Getting investment through data warehouse:

It is often not enough to have the data, but it has to be adequately presented. This is most important when the presentation has to be made to users outside the company. They naturally will have less incentive to keep trying, and if they do not get enough data, or get out of date data, they will end up believing that the company is trying to hide something. Connotations are often applied impulsively, but are difficult to remove. In today's business world, most large companies are not owned by individuals, but are owned by anonymous investors from all over the world. These people have enough money to invest, but are not committed to any company or industry. They are all the time trying to maximize their own returns. Different investor groups, and their consultants, mutual funds all have the same basic objective. Today we are gradually moving into a new world which will be very small in terms of communication, and it is a clear sign of the times to come that an organization like Siemens has decided to inform the investors of the actual position as fast as it is informing its own staff. It is hoped that this effort will succeed and Siemens will have an improvement in its market valuation because of such a direct and daring step. This is a very important area of current business decisions and the example of Siemens is critical.
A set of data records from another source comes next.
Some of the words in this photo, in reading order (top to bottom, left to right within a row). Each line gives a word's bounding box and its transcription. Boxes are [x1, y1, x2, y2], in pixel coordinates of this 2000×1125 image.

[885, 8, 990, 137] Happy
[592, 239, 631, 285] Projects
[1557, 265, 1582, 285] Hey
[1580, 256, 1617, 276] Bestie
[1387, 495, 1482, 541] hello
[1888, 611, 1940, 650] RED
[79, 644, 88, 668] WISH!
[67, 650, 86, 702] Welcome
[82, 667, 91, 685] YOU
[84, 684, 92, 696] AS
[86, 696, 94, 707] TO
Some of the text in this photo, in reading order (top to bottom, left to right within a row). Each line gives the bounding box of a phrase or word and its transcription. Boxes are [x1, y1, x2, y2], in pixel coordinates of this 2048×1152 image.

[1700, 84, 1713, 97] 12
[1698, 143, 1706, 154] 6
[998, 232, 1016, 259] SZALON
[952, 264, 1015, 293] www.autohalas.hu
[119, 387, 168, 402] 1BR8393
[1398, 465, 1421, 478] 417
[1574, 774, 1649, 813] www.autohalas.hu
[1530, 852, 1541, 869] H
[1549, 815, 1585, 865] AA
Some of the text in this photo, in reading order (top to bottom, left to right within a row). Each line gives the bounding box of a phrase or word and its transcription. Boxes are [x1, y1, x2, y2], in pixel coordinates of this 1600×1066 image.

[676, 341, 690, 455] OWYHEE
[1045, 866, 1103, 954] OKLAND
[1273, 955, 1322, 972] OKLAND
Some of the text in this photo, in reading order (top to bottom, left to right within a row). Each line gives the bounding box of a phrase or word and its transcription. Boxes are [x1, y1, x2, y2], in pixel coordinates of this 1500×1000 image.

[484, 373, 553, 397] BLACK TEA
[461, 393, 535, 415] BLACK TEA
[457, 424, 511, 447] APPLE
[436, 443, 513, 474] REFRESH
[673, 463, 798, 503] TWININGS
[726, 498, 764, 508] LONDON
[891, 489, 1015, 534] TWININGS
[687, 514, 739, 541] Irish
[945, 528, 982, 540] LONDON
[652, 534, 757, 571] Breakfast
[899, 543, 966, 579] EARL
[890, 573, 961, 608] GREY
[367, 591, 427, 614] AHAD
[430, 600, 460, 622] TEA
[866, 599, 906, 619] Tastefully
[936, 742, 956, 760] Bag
Using Data Warehouse for Business Information:

This is one of the areas in which data warehousing is playing a major role. Organizations, which do not have very critical data in terms of usage, can also use the data effectively and come out with reports, which can increase the effectiveness of the organization in increasing the profits. The role of business information in the development of the organization is no doubt very important, but without organized storage of data this business information cannot be collected. This is a natural development and a sign of progress of the organization when it starts using data warehouses for further application.

Ongoing changes in Data Warehousing:

In many cases, when a corporate data warehouse is first set up, the management does not really know how it will be used. There is a natural tendency to err on the side of caution. When the business people get to use it, they lose the capacity of the warehouse to analyze data fast and accurately to give them analysis, which was previously thought to be impossible. This encourages more and more people to use it. This builds up pressure on the system. Other people gradually get to know about it, certain databases, which were not thought to be relevant, also become required in the analyses, and they begin to get linked up. This begins to increase the size of the database. Thus the data warehouse keeps growing and more people getting to use it. In certain cases like the Japan Airways the growth is huge and really surprising, but growth is certainly a regular phenomenon. This also shows the remarkable utility of a data warehouse.

The cost acceptability: this is a problem that will always come whenever changes from existing systems are sought. These have to be looked in business terms and the solution suggested has to be implemented in many situations. It is also better to use as a part of the project when it is first presented. That report will probable cause the project to be seriously treated from the beginning, and not left on one side till the problems become insurmountable. The problem is as old as business itself and getting money to spend from a businessman has never been easy. Data warehousing projects are easily justifiable and all what they need for support is for people to push it with the proper reports.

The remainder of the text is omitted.